ASSIGNMENT
Exactly the lines from the one with "this 1600×1200 image." to the end of the data below should be set down, and no others.

*** INFORMATION SHOWN Section Begins ***

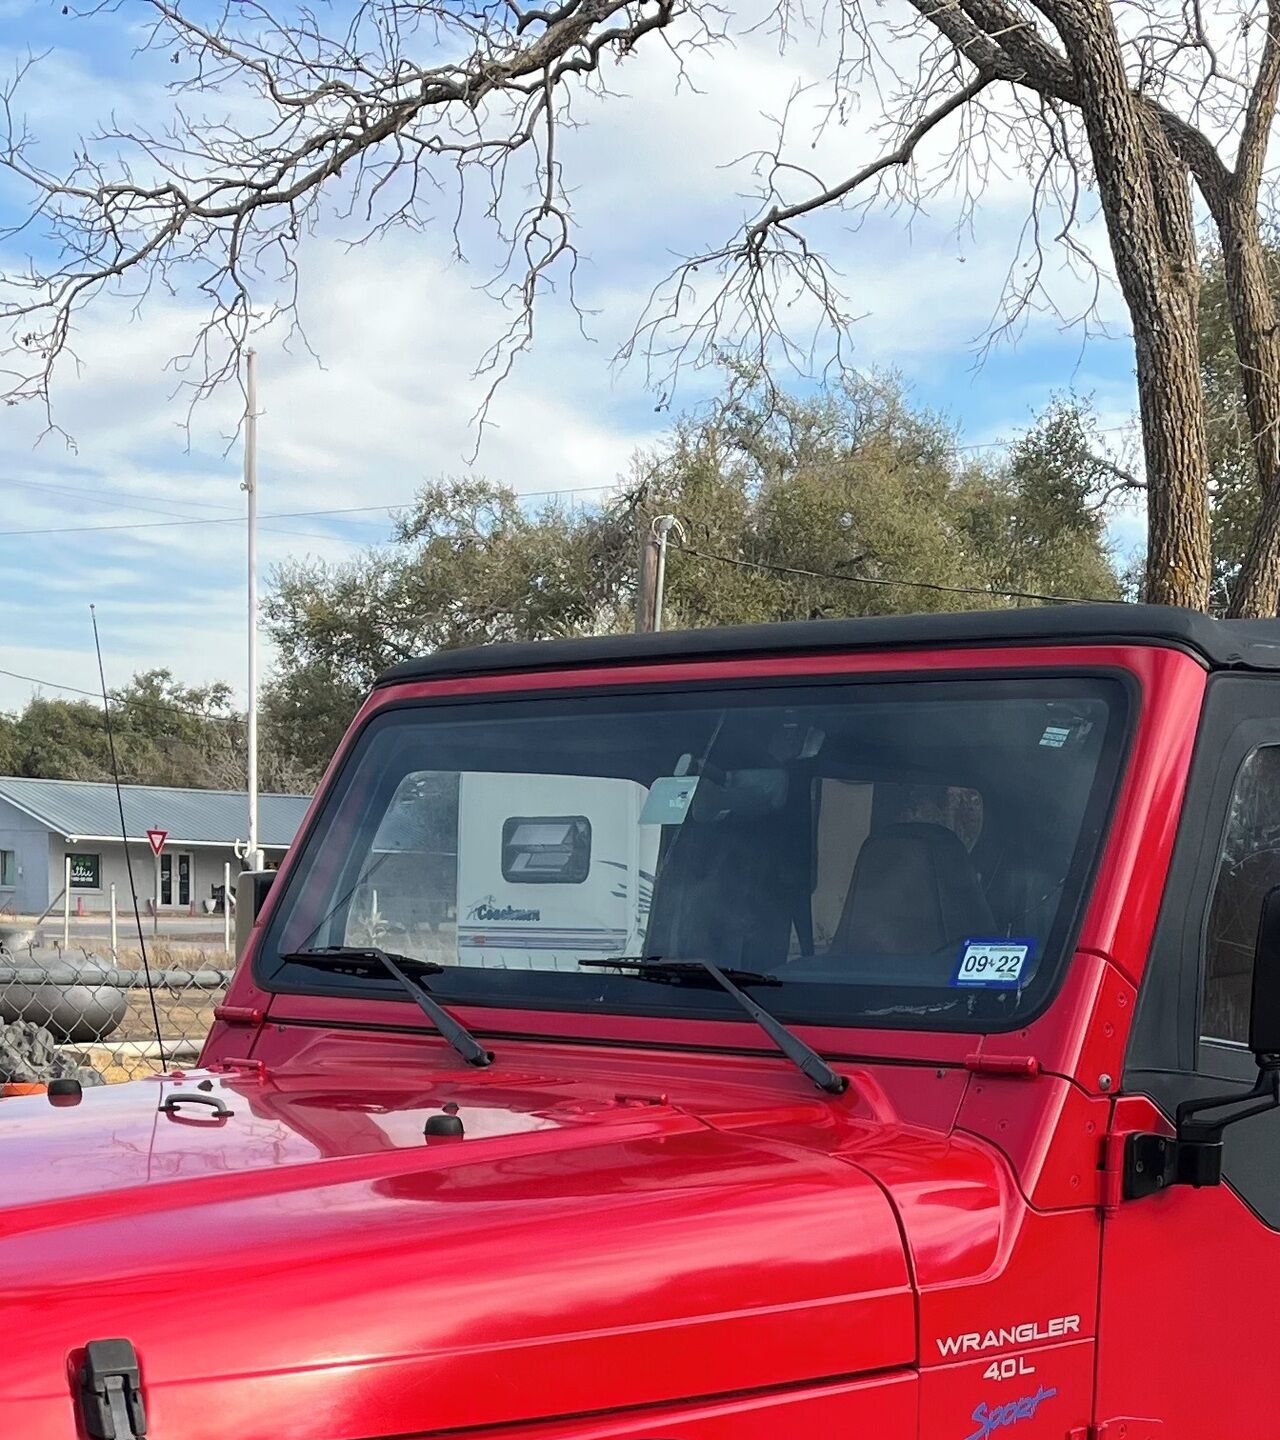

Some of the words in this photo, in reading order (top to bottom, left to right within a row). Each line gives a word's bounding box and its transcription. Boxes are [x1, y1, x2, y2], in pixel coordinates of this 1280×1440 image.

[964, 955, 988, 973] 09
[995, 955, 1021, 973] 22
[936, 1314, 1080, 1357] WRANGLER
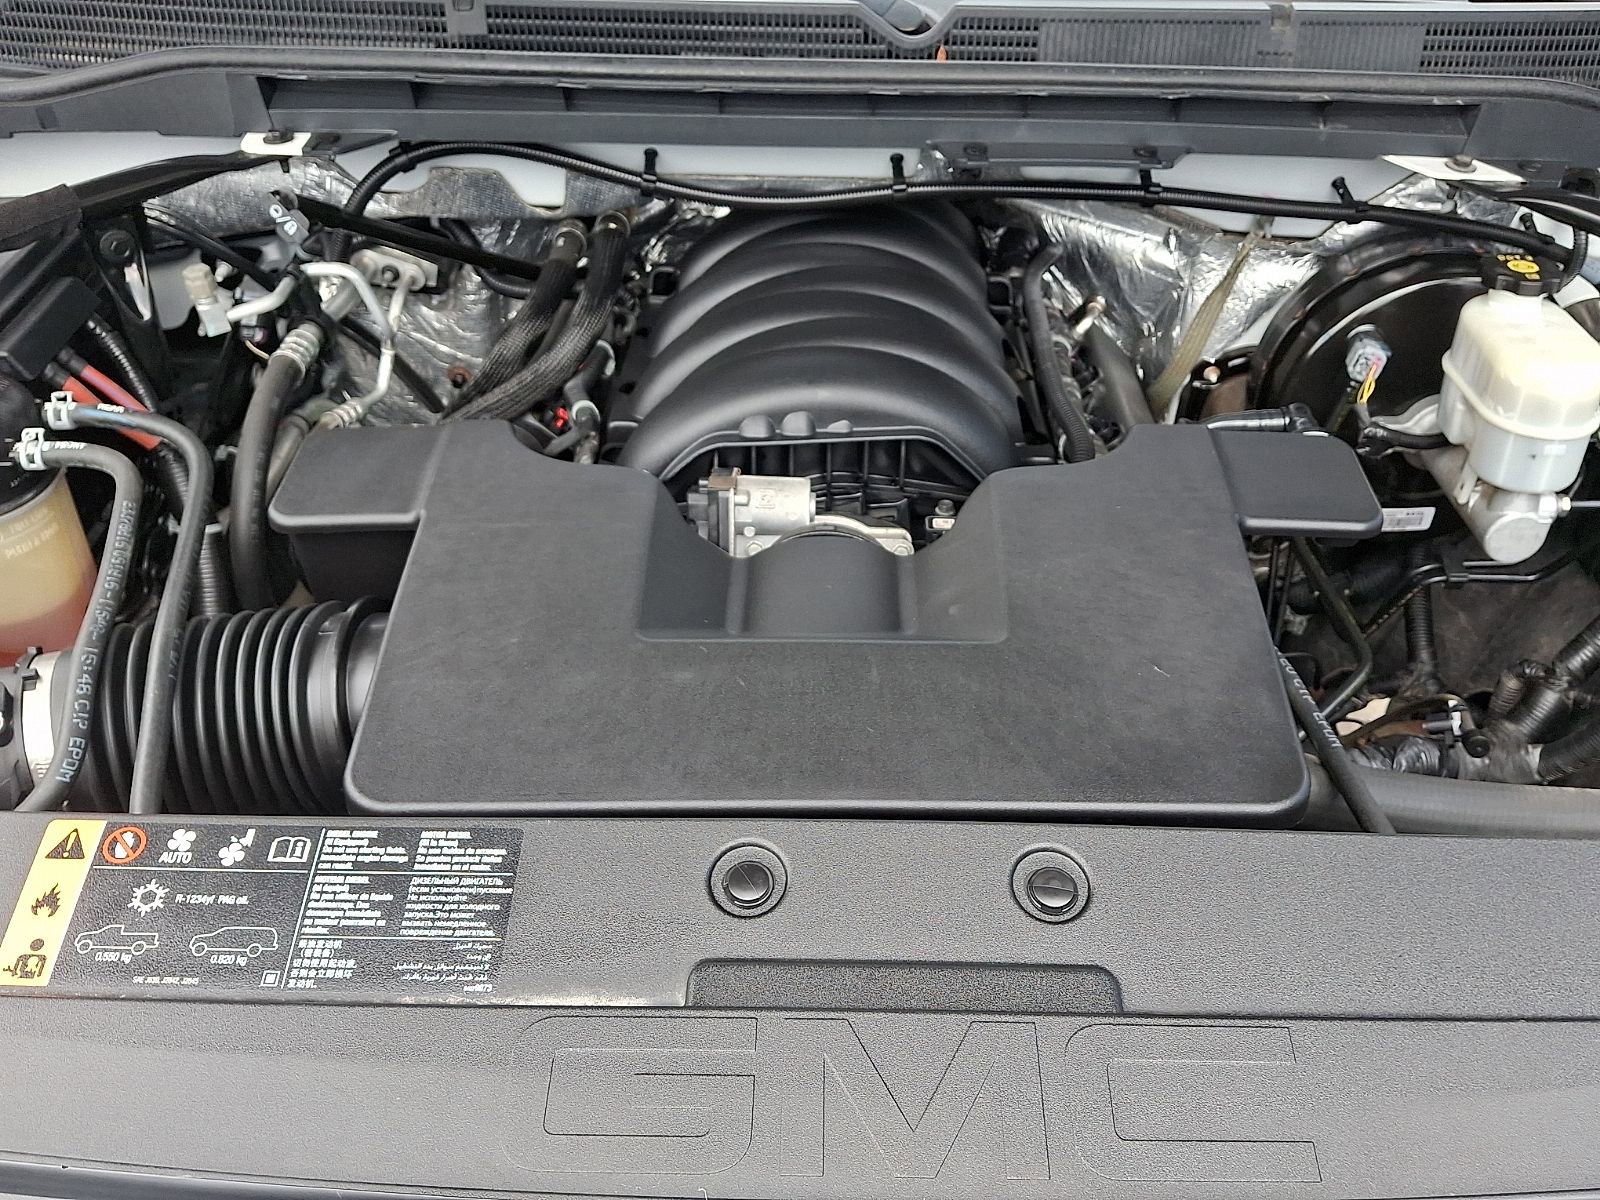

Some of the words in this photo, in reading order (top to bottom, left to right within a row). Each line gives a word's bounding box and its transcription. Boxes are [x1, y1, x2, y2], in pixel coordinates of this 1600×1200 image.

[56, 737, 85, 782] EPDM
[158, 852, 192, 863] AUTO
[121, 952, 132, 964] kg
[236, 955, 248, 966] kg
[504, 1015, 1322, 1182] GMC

*** INFORMATION SHOWN Section Ends ***

TASK RESULT
Some of the words in this photo, in reading order (top to bottom, left to right within a row). Each line gives a word's bounding box and its transcription. Boxes are [x1, y1, x2, y2], in pixel coordinates of this 1600×1200 image.

[56, 737, 85, 782] EPDM
[158, 852, 192, 863] AUTO
[121, 952, 132, 964] kg
[236, 955, 248, 966] kg
[504, 1015, 1322, 1182] GMC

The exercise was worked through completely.